The 4th federal electoral district of Querétaro (Distrito electoral federal 04 de Querétaro) is one of the 300 electoral districts into which Mexico is divided for elections to the federal Chamber of Deputies and one of six such districts in the state of Querétaro.

It returns one deputy to the lower house of Congress for each three-year legislative session by means of the first-past-the-post system. Votes cast in the district also count towards the calculation of proportional representation ("plurinominal") deputies; since 2024, those elected from the fifth region.

Suspended in 1930, (Note: An amendment to Article 52 of the Constitution in 1928 changed the original provision of "one deputy per 60,000 inhabitants" to "one deputy per 100,000"; as a result, the size of the Chamber of Deputies fell from 281 in the 1928 election to 171 in 1934.)
the 4th district was re-established by the Federal Electoral Institute (IFE) as part of the 1996 districting process and, as such, has returned deputies to Congress since the 1997 mid-terms.

The current member for the district, elected in the 2024 general election, is Roberto Sosa Pichardo of the National Action Party (PAN).

==District territory==
Under the 2023 districting plan adopted by the National Electoral Institute (INE), which assigned Querétaro an additional seat in Congress and is to be used for the 2024, 2027 and 2030 federal elections,
the 4th district covers 176 precincts (secciones electorales) across the municipality of Corregidora and a portion of the municipality of Querétaro.

The head town (cabecera distrital), where results from individual polling stations are gathered together and tallied, is the state capital, Santiago de Querétaro. The district reported a population of 417,997 in the 2020 census.
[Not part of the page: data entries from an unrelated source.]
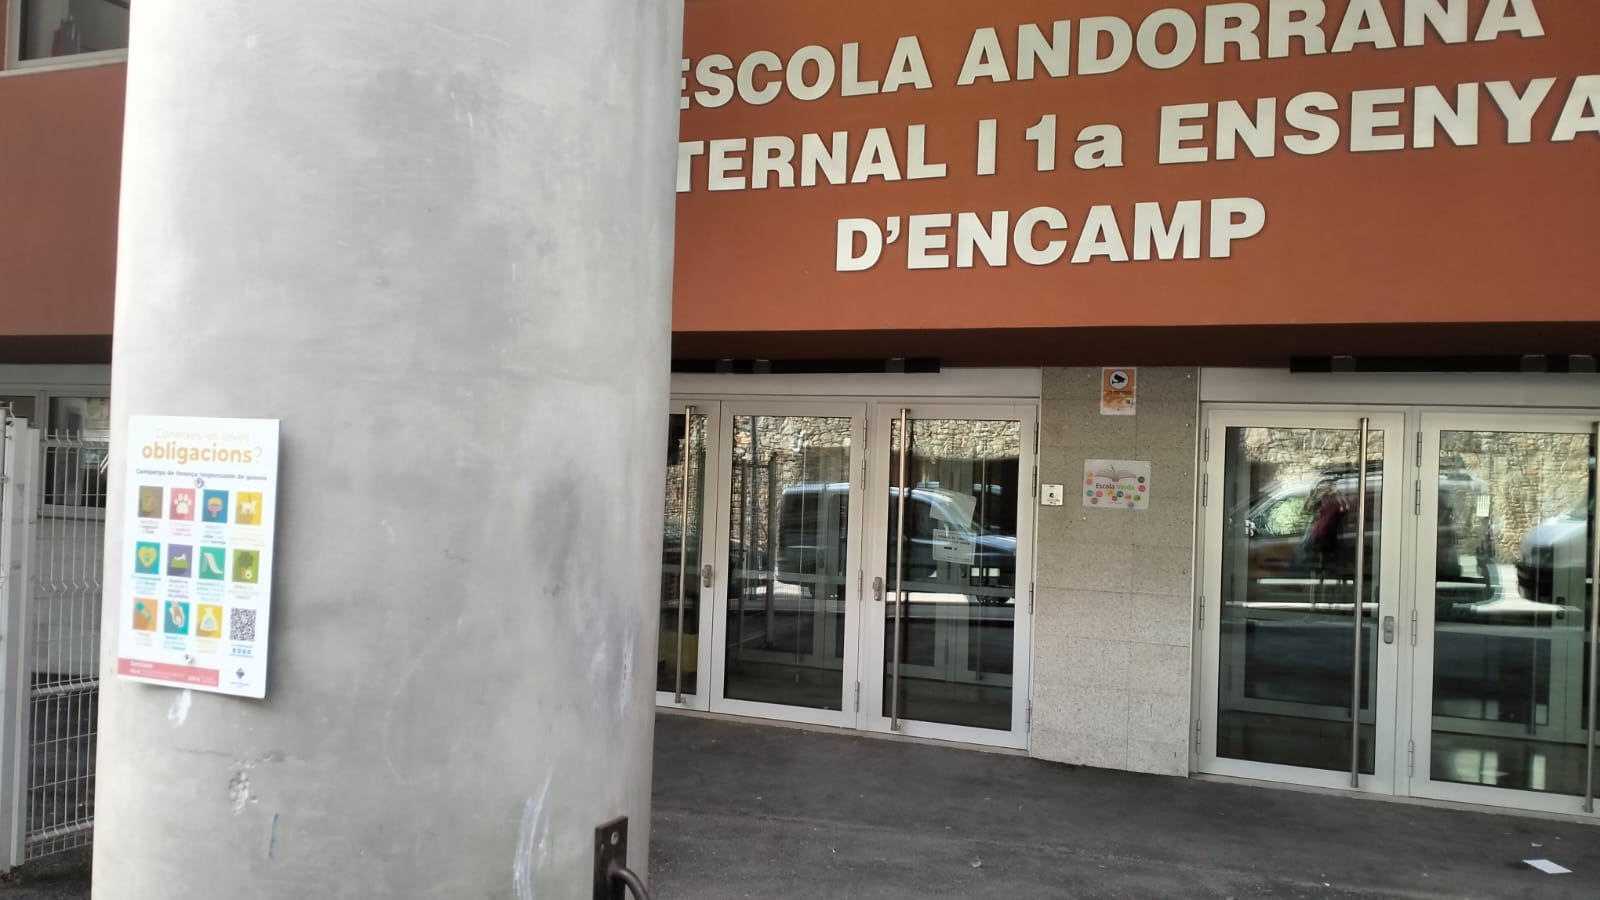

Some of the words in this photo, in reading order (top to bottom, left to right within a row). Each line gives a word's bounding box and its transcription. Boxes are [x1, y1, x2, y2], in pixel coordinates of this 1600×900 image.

[680, 35, 933, 110] SCOLA
[957, 0, 1546, 86] ANDORRANA
[977, 118, 997, 176] I
[1025, 113, 1125, 172] 1a
[1158, 74, 1600, 165] ENSENYA
[835, 196, 1267, 272] D'ENCAMP
[142, 441, 263, 465] obligacions?
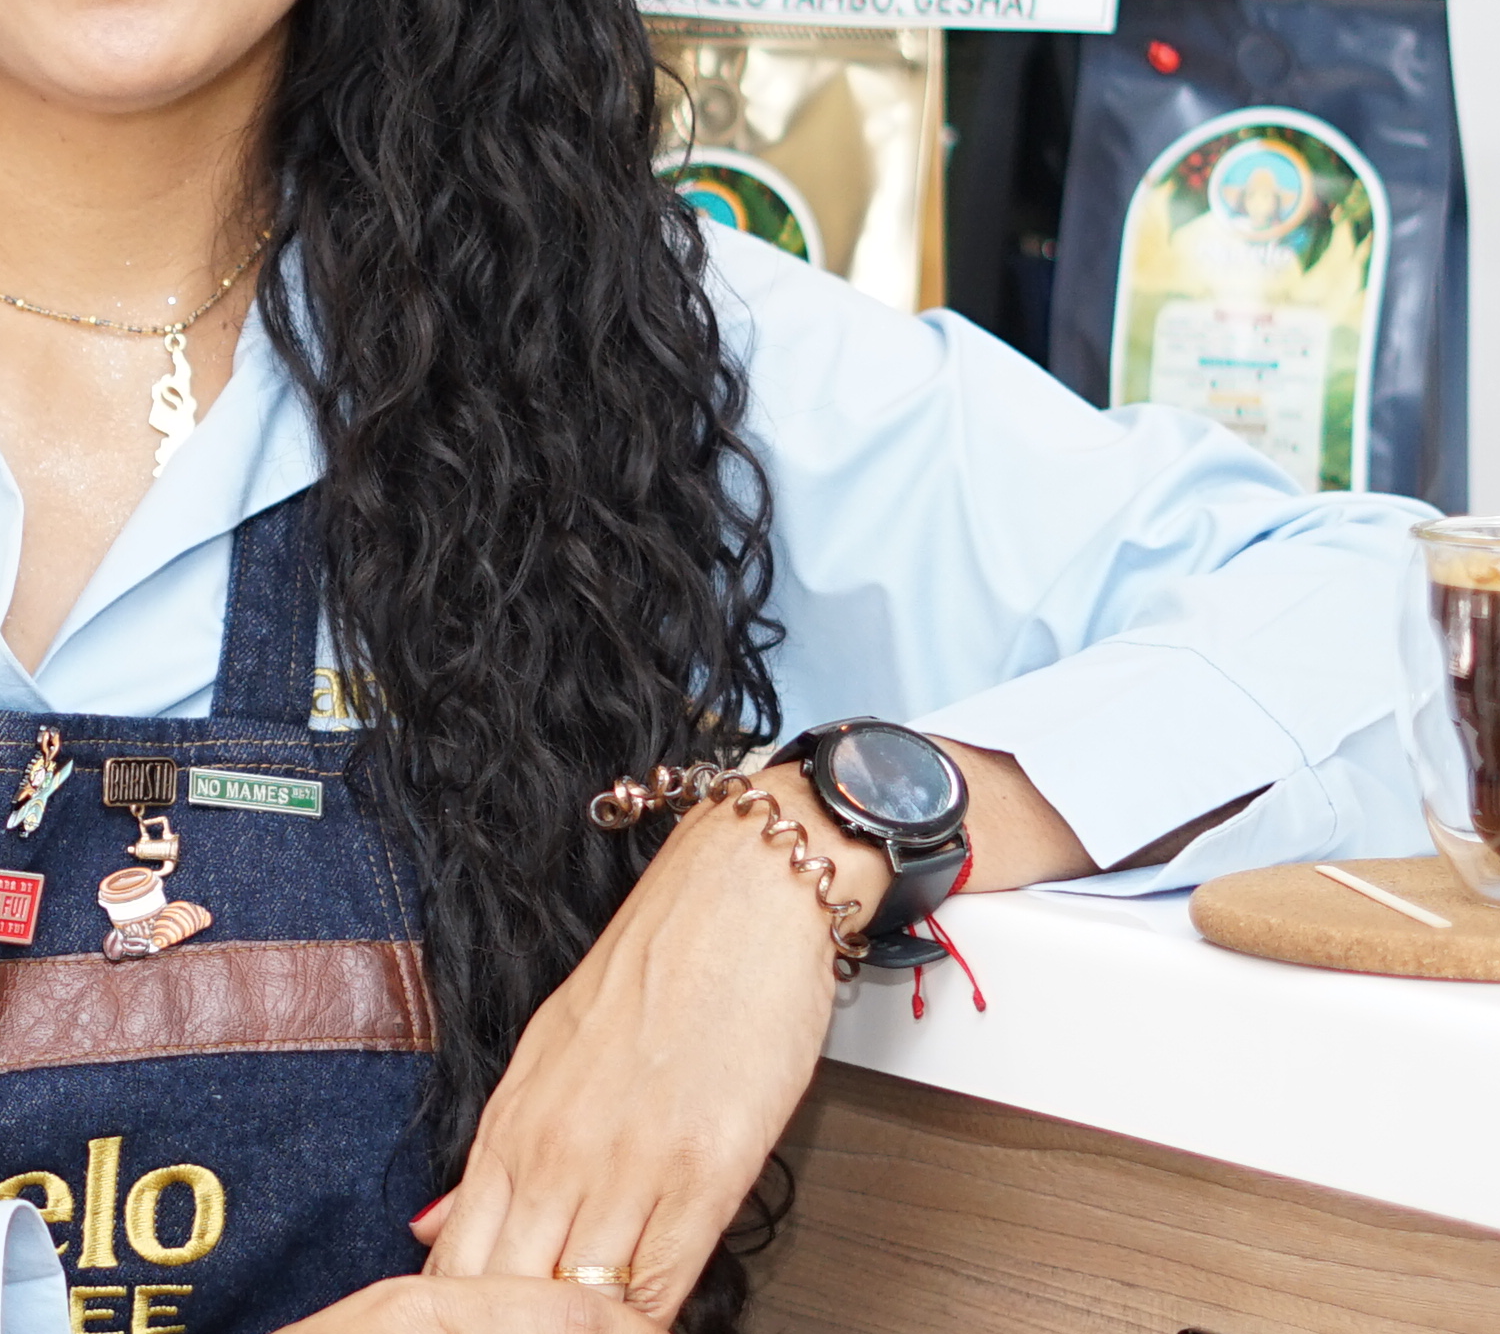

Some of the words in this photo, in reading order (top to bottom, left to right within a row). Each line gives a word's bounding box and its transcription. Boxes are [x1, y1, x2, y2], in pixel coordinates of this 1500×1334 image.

[109, 761, 174, 802] BARISTA
[197, 778, 221, 797] NO
[225, 781, 290, 805] MAMES
[2, 895, 28, 919] FUI
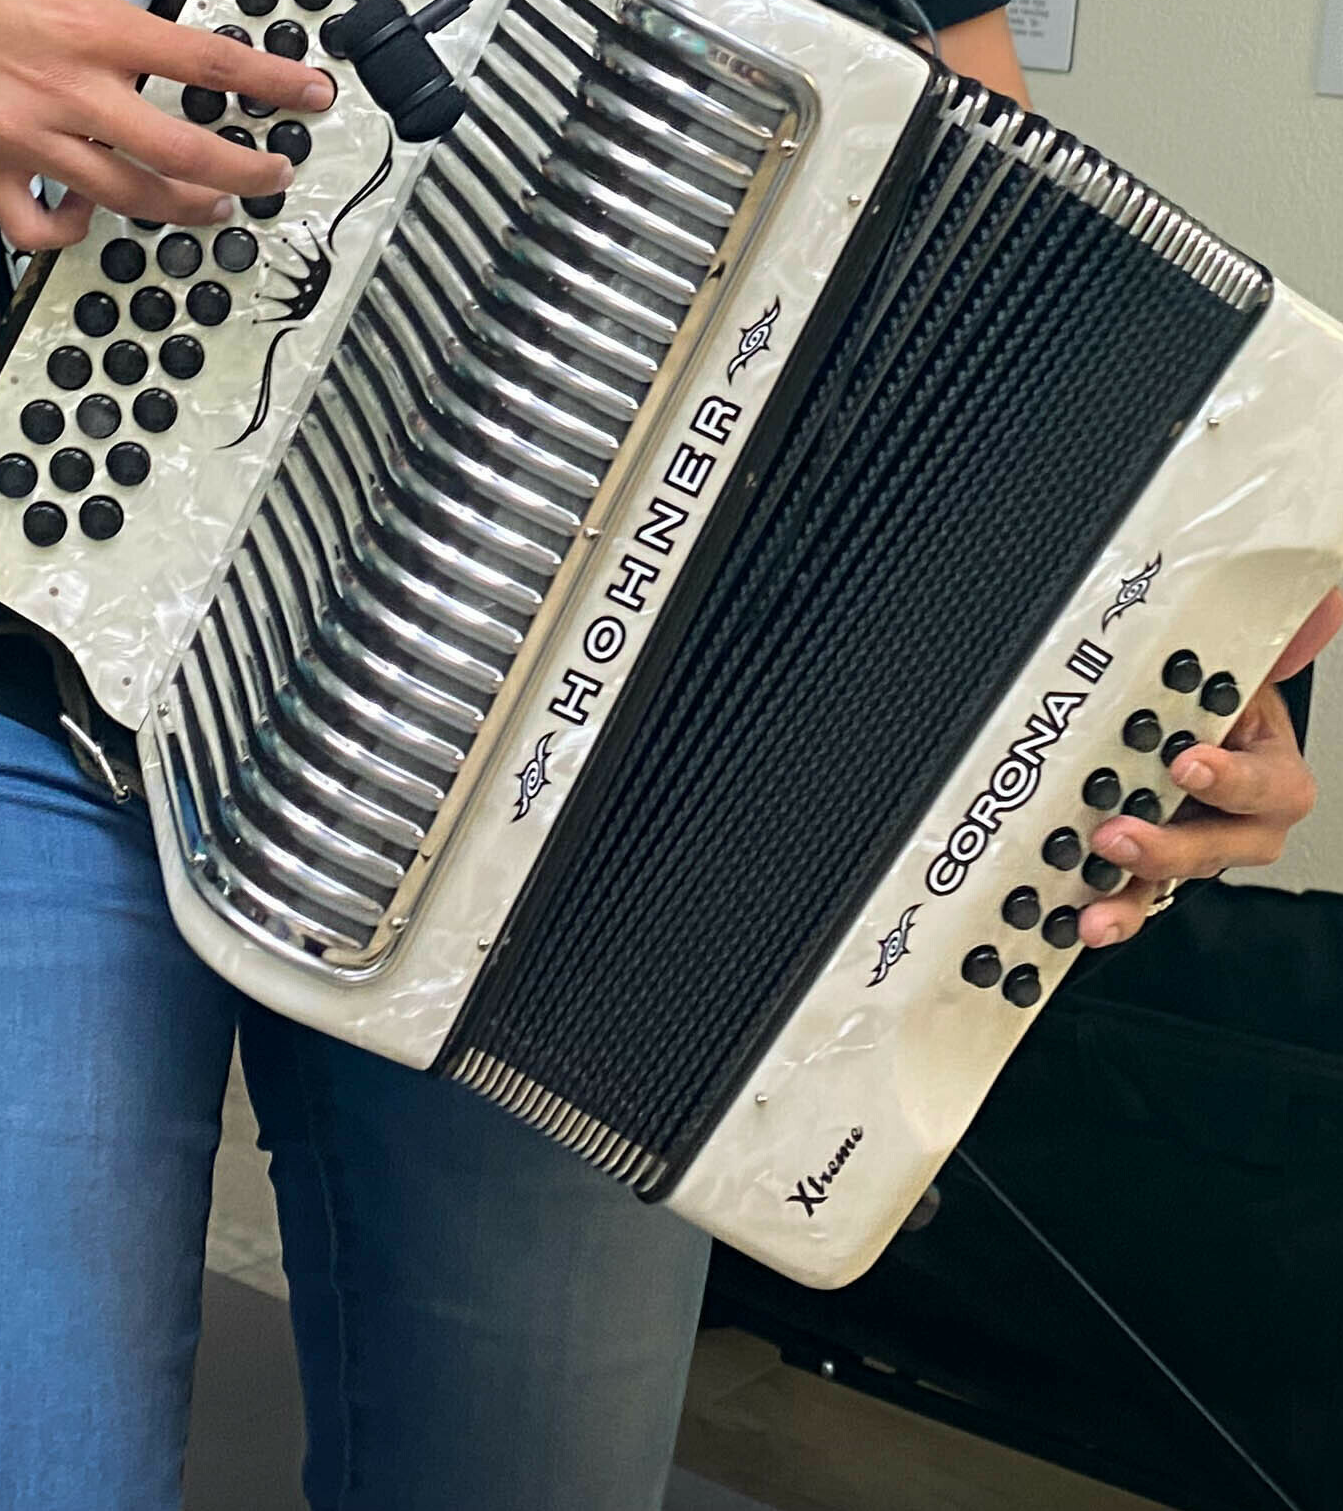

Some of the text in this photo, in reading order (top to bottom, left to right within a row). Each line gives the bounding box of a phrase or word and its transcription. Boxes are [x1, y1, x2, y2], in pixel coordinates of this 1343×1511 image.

[548, 393, 743, 726] HOHNER
[925, 638, 1114, 897] CORONA II
[784, 1125, 864, 1219] Xtreme
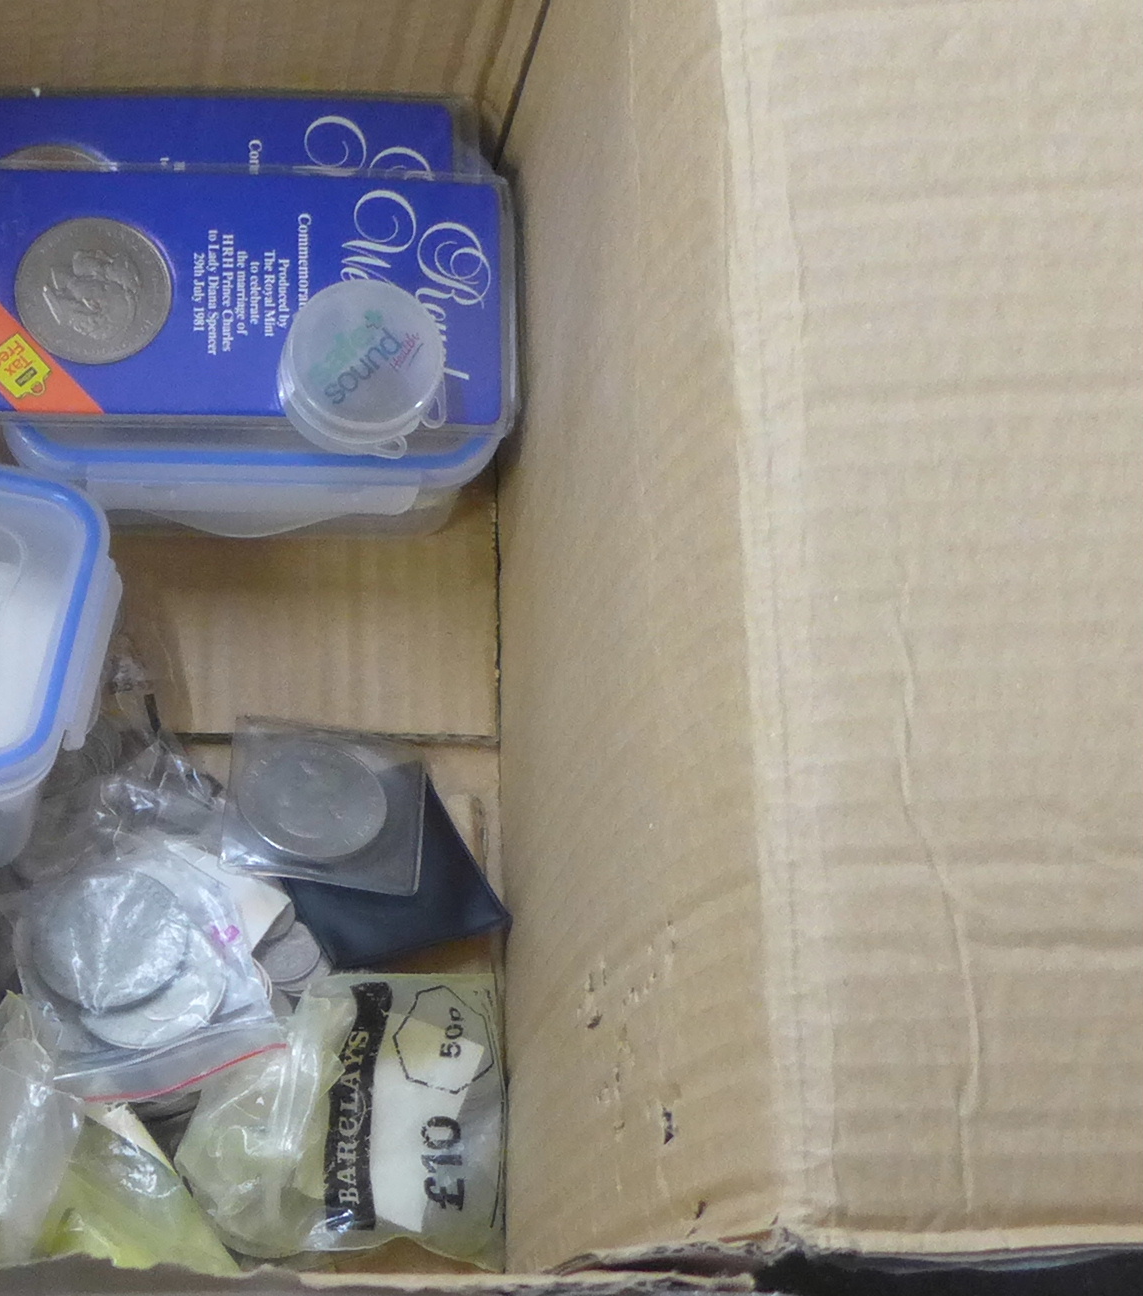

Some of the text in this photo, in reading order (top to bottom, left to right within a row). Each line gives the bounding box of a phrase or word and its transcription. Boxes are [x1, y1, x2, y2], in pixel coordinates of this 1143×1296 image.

[191, 252, 205, 332] 29th July 1981
[206, 229, 220, 356] to Lady Diana Spencer
[222, 271, 234, 307] Prince
[235, 251, 248, 336] the marriage of
[250, 261, 262, 325] to celebrate
[262, 249, 276, 337] The Royal Mint
[277, 259, 290, 329] Produced by
[298, 213, 312, 310] Commemorat
[3, 355, 33, 376] Tax
[222, 309, 234, 352] Charles
[324, 327, 403, 405] sound
[439, 1006, 465, 1059] 50p
[337, 1029, 369, 1205] BARCLAYS
[420, 1115, 465, 1212] £10
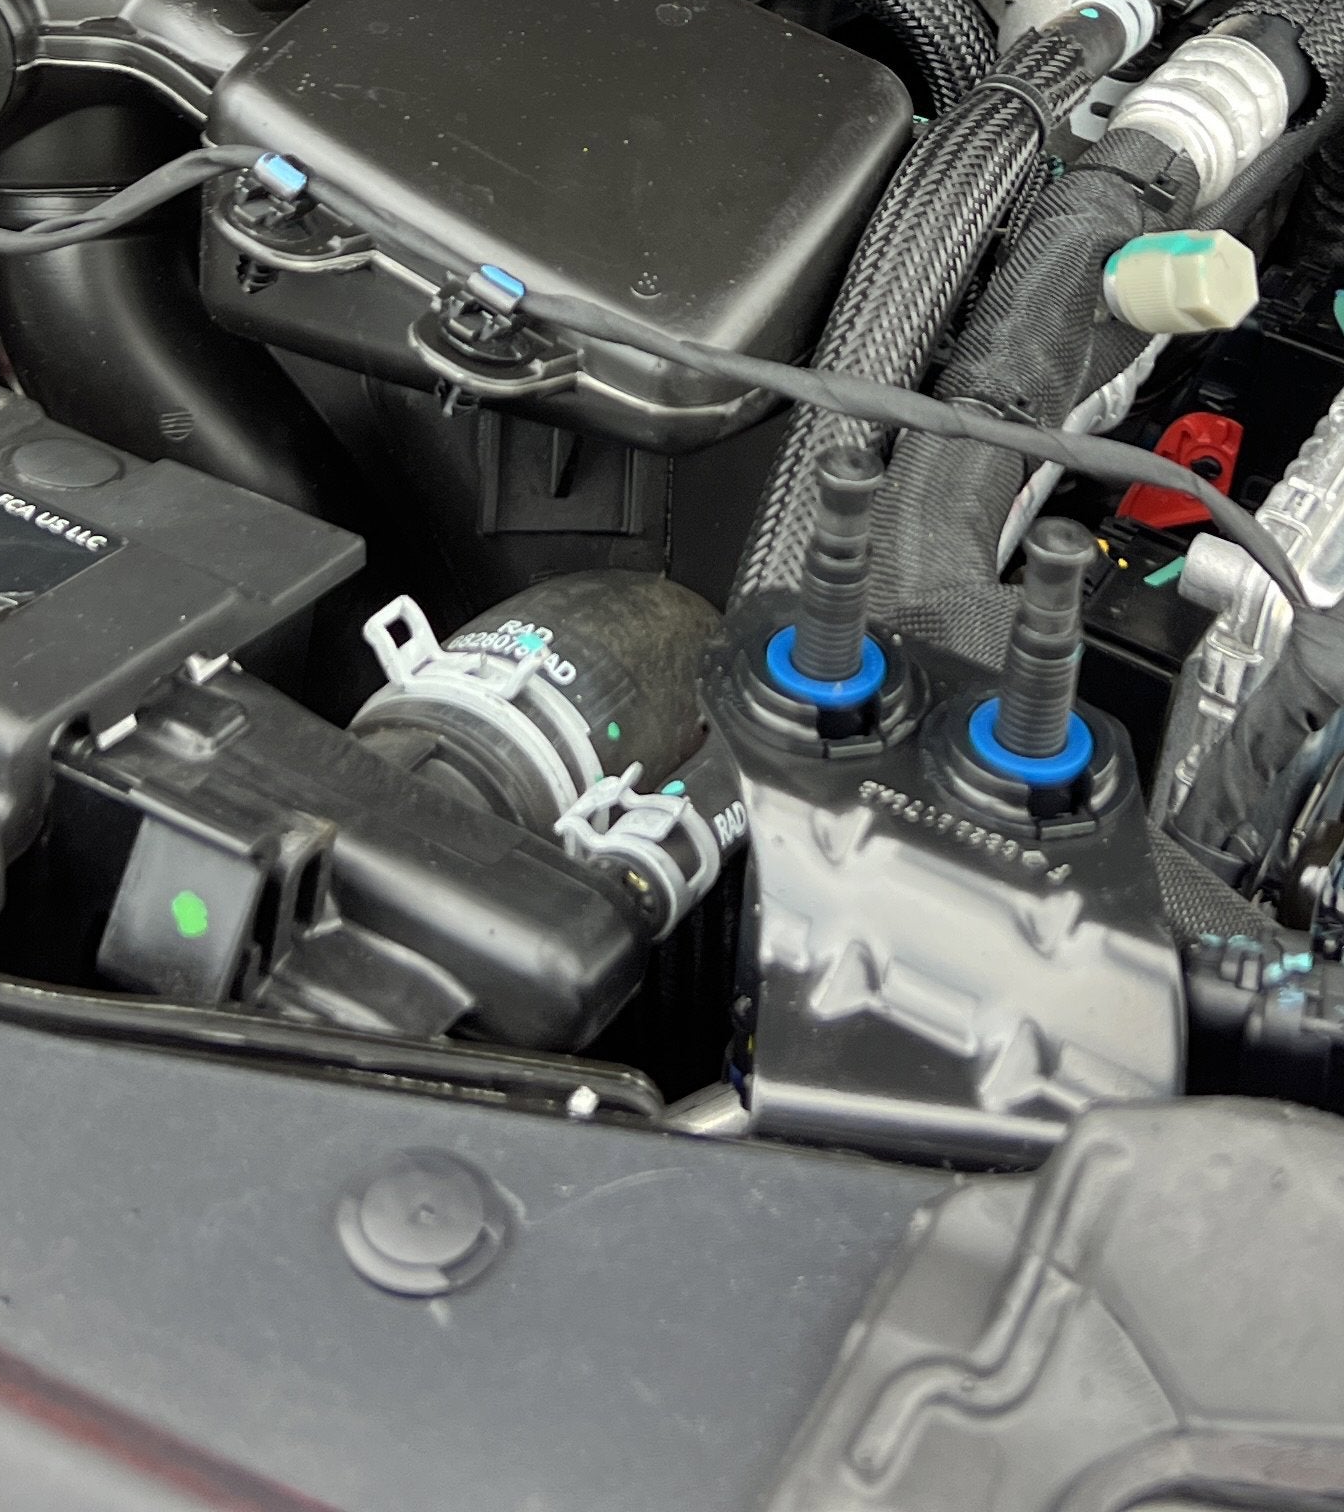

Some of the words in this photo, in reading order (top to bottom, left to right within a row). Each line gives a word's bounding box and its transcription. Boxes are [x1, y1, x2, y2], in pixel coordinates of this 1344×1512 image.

[34, 511, 70, 535] US
[64, 524, 109, 552] LLC
[497, 619, 554, 644] RAD
[713, 800, 747, 847] RAD
==Previous districting schemes==

Evolution of electoral district numbers
|  | 1974 | 1978 | 1996 | 2005 | 2017 | 2023 |
| Querétaro | 2 | 3 | 4 | 4 | 5 | 6 |
| Chamber of Deputies | 196 | 300 |  |  |  |  |
Sources:

2017–2022
Between 2017 and 2022, when the state contained five federal electoral districts, the 4th covered a portion of the municipality of Querétaro.

2005–2017
Under the 2005 plan, Querétaro had four districts. The 4th district's head town was the state capital and it covered 130 precincts in the municipality of Querétaro and the whole (28 precincts) of El Marqués.

1996–2005
In the 1996 scheme, the newly restored 4th district comprised the southern part of the municipality of Querétaro, including the southern portion of the city.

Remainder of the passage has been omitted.